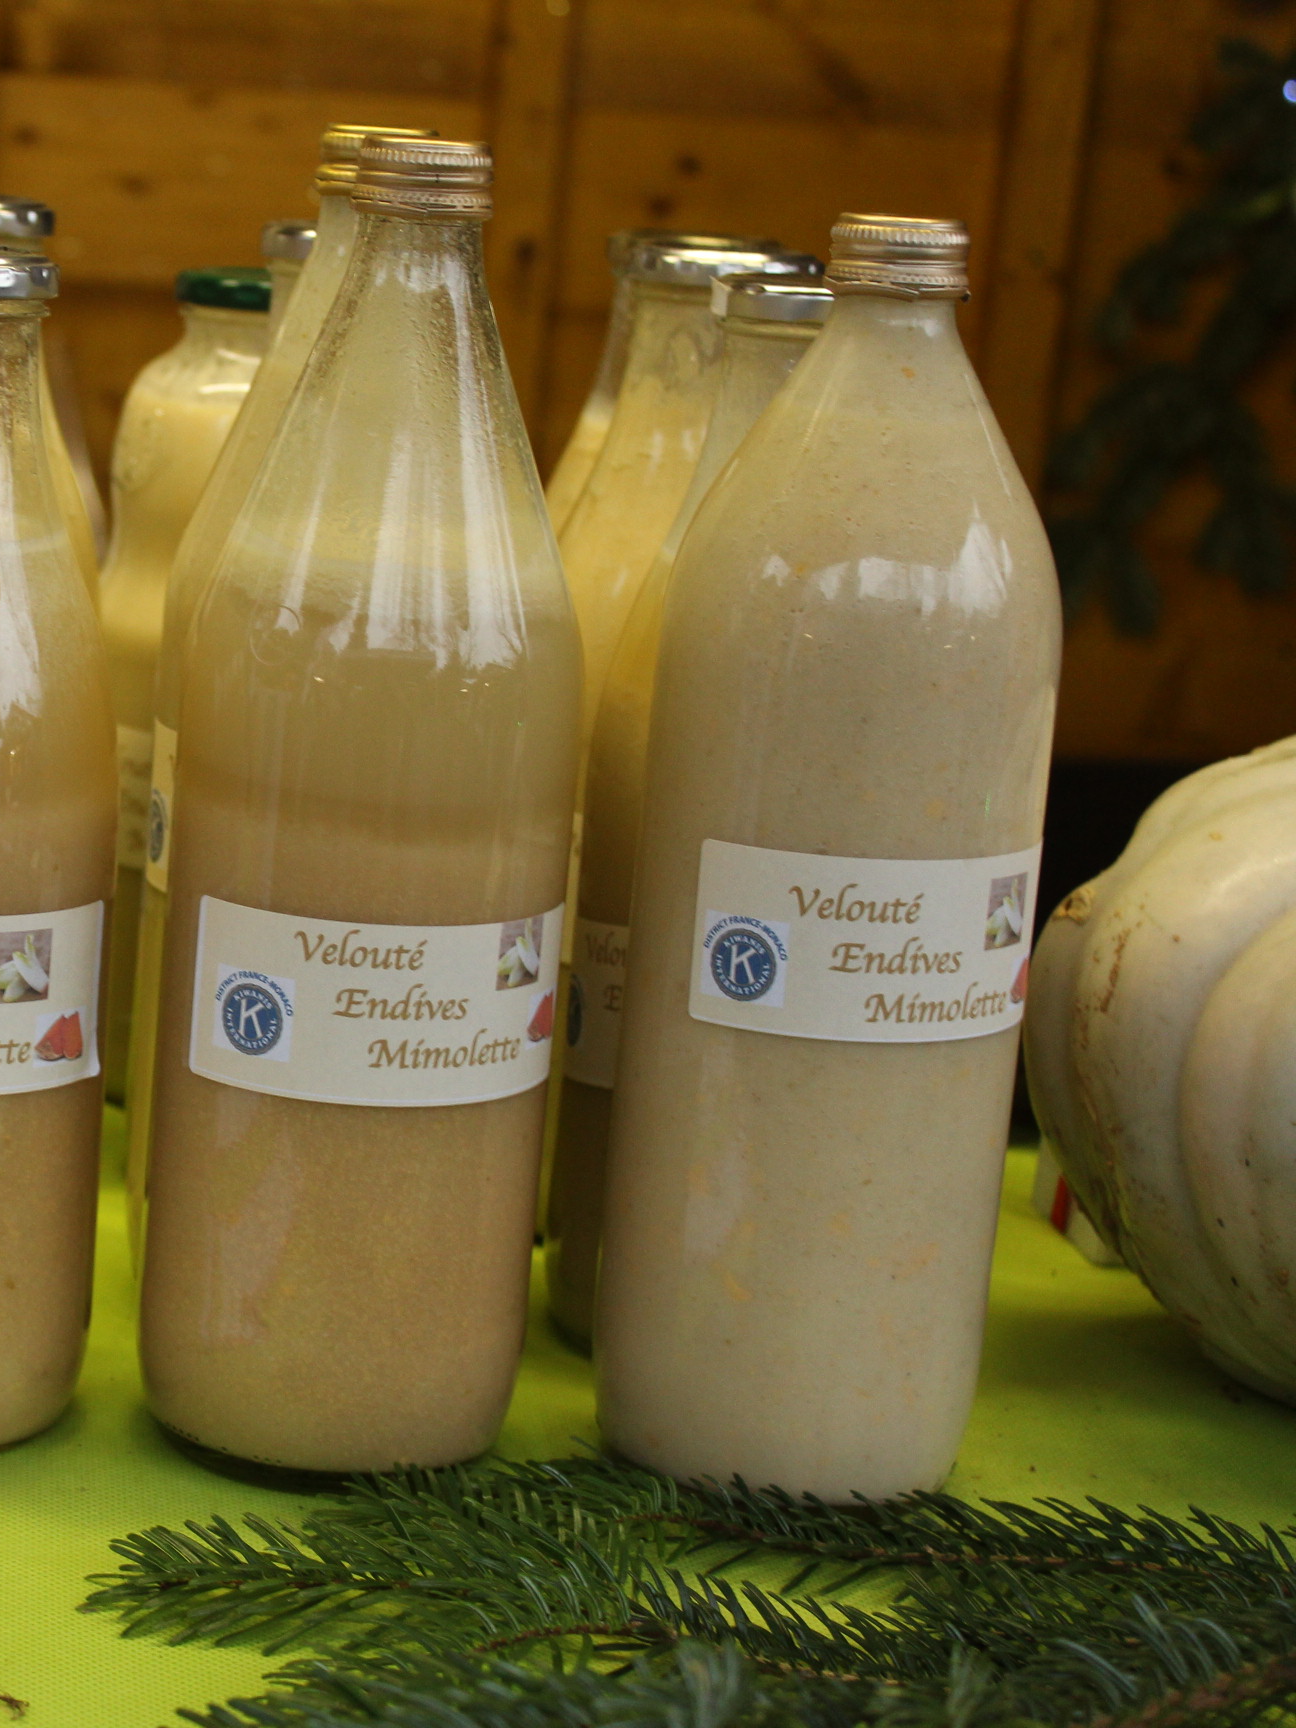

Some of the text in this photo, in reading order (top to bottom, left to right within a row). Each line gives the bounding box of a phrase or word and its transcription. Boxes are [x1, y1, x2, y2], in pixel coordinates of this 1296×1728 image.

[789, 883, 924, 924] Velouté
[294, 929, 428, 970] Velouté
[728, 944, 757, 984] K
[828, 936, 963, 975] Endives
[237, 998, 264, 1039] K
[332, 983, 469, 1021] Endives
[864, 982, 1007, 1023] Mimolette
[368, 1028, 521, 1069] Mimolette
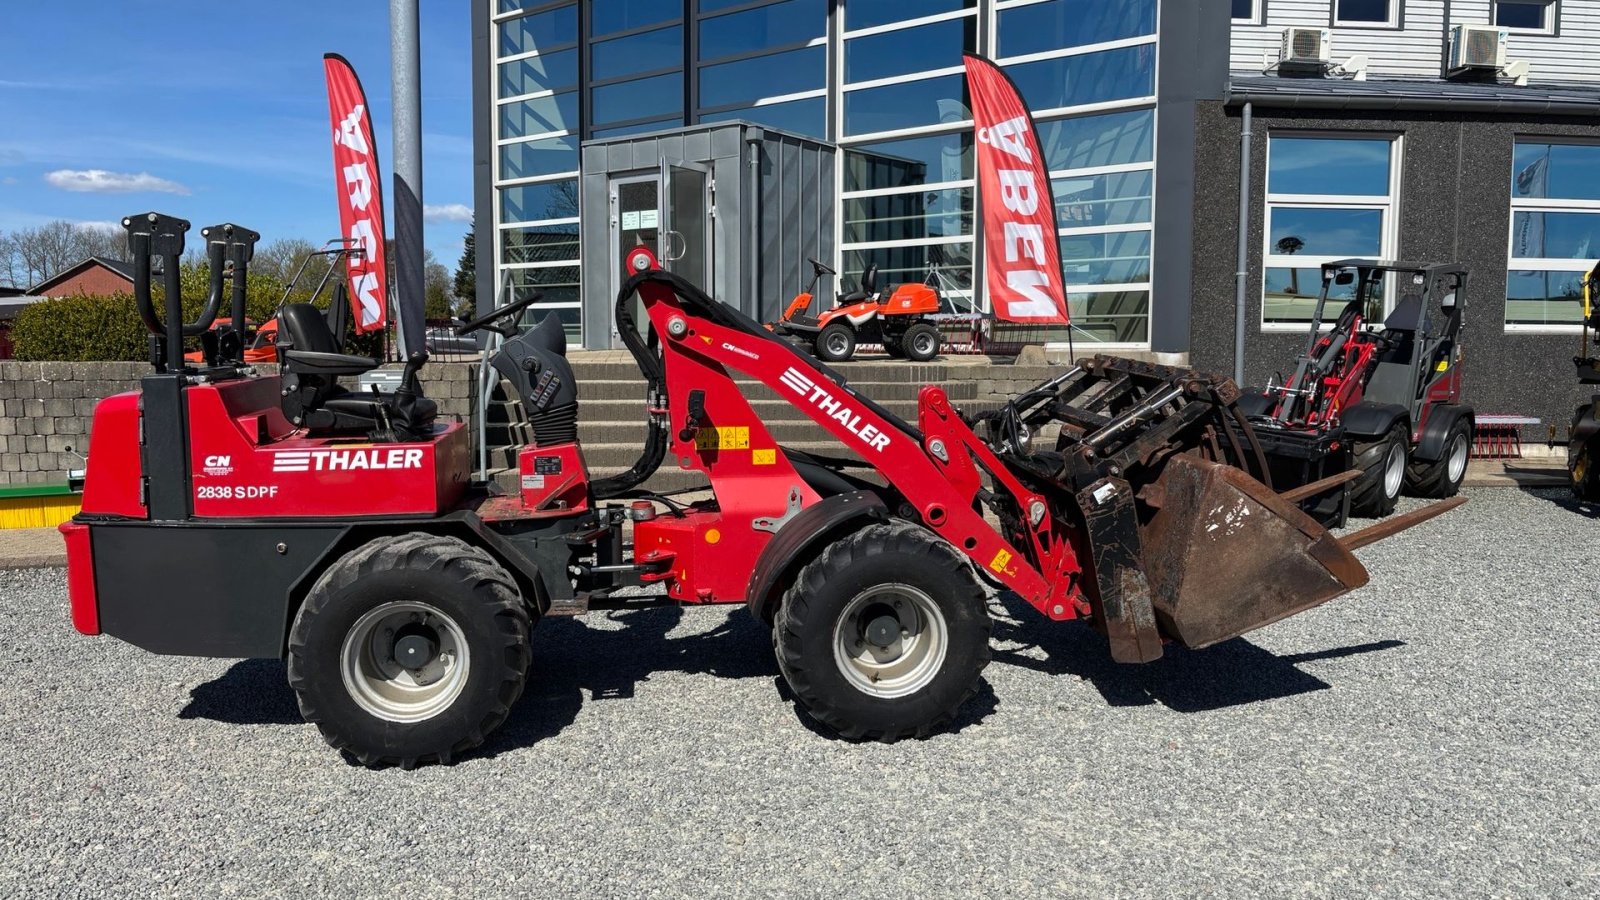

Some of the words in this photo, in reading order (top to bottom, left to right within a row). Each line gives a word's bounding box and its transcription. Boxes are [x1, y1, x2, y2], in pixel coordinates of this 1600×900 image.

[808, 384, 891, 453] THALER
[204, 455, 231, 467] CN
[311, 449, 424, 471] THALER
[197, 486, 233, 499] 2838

→ Task goal:
Only the lines from the one containing "Some of the words" through the last line of the records are to be set down, exactly as they appear.

→ Your solution:
Some of the words in this photo, in reading order (top to bottom, left to right within a row). Each line gives a word's bounding box and its transcription. Boxes are [x1, y1, x2, y2], in pixel coordinates of this 1600×900 image.

[808, 384, 891, 453] THALER
[204, 455, 231, 467] CN
[311, 449, 424, 471] THALER
[197, 486, 233, 499] 2838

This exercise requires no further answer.